Crítica | Streaming e VoD

A Descoberta Perfeita

O conto de fadas possível

(The Perfect Find , EUA, 2023)
Nota  
  • Gênero: Comédia romântica
  • Direção: Numa Perrier
  • Roteiro: Leigh Davenport
  • Elenco: Gabrielle Union, Keith Powers, Gina Torres, La La Anthony, Aisha Hinds, Janet Hubert, Shayna McHayle, Sterling Brim, D. B. Woodside
  • Duração: 95 minutos

Comédias românticas produzidas para o público preto estadunidense existem com sucesso há pelo menos três décadas, de onde vimos sair títulos como Amigos Indiscretos, No Embalo do Amor e tantos outros. Mas um título ao menos ficou marcado no período, A Nova Paixão de Stella, filme do qual esse A Descoberta Perfeita, mais um sucesso Netflix, pega emprestado ao menos a espinha dorsal – mulher mais velha se apaixona por rapaz bem mais jovem. Ao redor disso, é construído algo que talvez nunca tenha sido feito pela comunidade, mais especificamente pela mulher preta: porque um conto de fadas romântico preto não foi feito? Eu estou falando de histórias como Uma Linda Mulher, onde um homem responde ao chamado emotivo de uma mulher que combine com ele. 

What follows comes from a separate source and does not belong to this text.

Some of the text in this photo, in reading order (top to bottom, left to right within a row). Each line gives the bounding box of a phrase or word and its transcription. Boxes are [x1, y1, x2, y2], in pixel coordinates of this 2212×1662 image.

Talvez eu tenha a resposta, e o filme também a forneça. Diferente de uma mulher branca, a mulher preta nunca se viu tratada como princesa historicamente, e precisou lutar para ter privilégios que, muitas vezes, ainda não chegaram. Hoje, nenhuma mulher sonha com o príncipe encantado que a tire de um mundo de sofrimento, mas filmes como os de Garry Marshall citado acima já estiveram na cabeceira de adolescentes do mundo todo. A Descoberta Perfeita, então, tem os contornos de um conto de fadas, mas assim como Stella há quase 30 anos, Jenna não estava procurando por ele, e sim por estabilidade, por reconhecimento, por não perder o que tão duramente construiu em sua profissão. Se Eric é um príncipe, então ele terá de lutar em dobro para conseguir alcançá-la. 

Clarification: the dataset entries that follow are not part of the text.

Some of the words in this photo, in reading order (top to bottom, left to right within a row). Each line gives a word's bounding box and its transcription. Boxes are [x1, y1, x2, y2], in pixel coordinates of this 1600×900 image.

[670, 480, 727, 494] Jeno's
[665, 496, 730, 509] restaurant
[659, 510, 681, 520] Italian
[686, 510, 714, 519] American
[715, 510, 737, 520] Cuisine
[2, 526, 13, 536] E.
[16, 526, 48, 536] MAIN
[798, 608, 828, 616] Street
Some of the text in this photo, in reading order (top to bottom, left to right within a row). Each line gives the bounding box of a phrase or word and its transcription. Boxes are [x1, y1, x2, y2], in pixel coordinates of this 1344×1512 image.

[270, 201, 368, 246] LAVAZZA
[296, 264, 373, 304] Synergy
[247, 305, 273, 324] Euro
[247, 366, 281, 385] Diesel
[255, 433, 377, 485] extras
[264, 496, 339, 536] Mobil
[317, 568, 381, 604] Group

Numa Perrier assina a direção e Leigh Davenport adapta o romance de Tia Williams, que tem uma camada de reconhecimento do suor do próprio rosto não poder ser desperdiçado. A Descoberta Perfeita o tempo todo grita como tudo é muito difícil para uma preta, e que por isso as oportunidades não podem ser tratadas levianamente, e que ao fim e ao cabo, essas mulheres têm umas às outras, e precisam se unir em momentos de crise. Jenna e Darcy, por exemplo, são inimigas que precisam uma da outra para equalizar suas qualidades, e sobreviver em um mundo onde o racismo ainda mata. Todas as cenas entre Gabrielle Union e Gina Torres são repletas de uma tensão reconhecível entre rivais, que terão suas vidas alteradas quando se tornarem sogra e nora.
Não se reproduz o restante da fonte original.